The Washington Post is running a very interesting article on micro-bug-like spy devices. Rick Weiss, staff writer at the Washington Post wrote a piece which started out as a science-fiction read, and turns into a very real "what if?" as the article progresses. Despite the speculation, the denial of the existence of such technology, and paranoia discussed in the article, it's an interesting read.
Of course, for those of us in the security field, this brings a whole new set of problems to light. Industrial espionage, intelligence, and orther forms of "security" that may be more commonplace may already be benefiting from the types of technologies discussed in the article. Now, the article does address challenges with fuel to power micro-spy devices, as well as issues like cross-winds, bid attack, and other unavoidable mishaps, the implications are immense.
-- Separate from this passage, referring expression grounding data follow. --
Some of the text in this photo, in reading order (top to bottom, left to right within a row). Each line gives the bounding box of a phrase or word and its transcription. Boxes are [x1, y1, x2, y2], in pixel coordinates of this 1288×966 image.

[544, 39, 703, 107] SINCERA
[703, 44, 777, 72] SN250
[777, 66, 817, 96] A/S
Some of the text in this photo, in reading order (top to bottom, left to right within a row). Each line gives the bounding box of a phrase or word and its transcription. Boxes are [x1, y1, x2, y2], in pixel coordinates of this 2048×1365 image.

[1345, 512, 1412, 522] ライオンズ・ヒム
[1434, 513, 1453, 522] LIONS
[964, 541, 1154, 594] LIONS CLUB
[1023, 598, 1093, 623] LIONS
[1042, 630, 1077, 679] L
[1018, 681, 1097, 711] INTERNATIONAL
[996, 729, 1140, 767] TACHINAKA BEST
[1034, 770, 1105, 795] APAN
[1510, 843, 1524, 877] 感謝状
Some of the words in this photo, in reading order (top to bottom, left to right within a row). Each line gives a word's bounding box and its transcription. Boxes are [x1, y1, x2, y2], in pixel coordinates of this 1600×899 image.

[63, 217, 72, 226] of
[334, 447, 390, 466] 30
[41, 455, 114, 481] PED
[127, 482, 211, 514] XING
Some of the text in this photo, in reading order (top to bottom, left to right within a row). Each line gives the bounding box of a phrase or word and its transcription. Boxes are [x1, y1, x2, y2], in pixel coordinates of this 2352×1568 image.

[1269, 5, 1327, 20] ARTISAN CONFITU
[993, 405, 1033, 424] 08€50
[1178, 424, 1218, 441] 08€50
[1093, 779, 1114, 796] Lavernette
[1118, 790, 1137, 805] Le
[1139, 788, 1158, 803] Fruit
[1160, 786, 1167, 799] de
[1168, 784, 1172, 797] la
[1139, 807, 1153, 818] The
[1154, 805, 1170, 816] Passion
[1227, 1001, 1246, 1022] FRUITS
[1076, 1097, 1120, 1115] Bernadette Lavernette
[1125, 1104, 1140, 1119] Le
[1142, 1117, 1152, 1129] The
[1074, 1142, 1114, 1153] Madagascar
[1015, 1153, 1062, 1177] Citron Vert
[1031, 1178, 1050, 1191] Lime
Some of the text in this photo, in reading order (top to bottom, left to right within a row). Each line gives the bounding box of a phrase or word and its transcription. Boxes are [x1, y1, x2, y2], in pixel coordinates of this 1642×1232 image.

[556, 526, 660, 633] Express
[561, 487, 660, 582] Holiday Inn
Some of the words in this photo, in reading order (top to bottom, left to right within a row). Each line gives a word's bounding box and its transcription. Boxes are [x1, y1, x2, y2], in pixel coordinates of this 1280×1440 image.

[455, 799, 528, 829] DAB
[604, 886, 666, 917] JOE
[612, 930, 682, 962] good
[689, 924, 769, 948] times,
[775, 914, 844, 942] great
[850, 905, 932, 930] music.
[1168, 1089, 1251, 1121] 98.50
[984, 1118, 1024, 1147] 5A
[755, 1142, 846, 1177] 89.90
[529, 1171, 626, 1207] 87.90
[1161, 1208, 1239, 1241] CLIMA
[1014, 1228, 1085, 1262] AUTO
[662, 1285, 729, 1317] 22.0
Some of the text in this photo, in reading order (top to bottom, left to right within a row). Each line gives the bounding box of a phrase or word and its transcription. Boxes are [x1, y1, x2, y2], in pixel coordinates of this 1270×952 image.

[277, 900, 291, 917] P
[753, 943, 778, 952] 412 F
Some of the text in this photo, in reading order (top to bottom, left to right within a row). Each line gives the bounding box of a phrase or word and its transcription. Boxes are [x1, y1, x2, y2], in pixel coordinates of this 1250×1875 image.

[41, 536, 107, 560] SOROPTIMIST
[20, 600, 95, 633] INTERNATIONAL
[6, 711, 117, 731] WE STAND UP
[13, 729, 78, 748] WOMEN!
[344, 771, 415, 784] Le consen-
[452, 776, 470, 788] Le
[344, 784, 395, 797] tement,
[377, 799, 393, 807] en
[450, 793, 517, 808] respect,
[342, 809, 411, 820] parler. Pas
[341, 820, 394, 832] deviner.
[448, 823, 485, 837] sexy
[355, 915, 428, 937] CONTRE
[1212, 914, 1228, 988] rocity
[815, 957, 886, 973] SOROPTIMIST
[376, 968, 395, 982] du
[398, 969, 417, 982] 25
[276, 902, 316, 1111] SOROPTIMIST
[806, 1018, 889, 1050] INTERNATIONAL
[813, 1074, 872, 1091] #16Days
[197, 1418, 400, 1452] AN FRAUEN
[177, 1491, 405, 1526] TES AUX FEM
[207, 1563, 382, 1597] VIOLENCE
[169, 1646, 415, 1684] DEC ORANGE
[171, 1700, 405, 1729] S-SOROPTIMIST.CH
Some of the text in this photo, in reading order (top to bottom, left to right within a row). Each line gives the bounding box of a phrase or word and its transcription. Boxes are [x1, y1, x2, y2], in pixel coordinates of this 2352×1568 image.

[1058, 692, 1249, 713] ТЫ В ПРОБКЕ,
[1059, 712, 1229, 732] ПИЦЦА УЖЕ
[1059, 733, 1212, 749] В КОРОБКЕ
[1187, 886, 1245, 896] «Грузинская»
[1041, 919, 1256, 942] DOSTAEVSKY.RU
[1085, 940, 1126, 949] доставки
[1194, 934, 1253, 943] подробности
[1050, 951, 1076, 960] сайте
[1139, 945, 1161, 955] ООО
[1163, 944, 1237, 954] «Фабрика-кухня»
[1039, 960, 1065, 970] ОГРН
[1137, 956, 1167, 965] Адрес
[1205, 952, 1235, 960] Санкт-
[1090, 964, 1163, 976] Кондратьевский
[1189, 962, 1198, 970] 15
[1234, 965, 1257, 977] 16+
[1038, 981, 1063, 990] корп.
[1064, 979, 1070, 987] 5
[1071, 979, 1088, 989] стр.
Why bother using spyware or other now-detectable forms of malware to infect a computer if you can simply employ a mosquito-sized "bug" camera to follow a victim around and record voice conversations, photos, and maybe even live video? Right now this all sounds like technology 007 would use, but remember that DARPA has had precursor technology to this as early as possibly 30 years ago! Where has technology come in 30 years plus? Of course, no comment from the 3-letter agencies.
So should you be preparing your enterprise against micro-bugs? Chip-infused moths? Mosquito-borne surveillence? Probably not quite yet... of course, unless you work in government!
Do your own research, and figure out what you believe... and if you find anything to share post it here.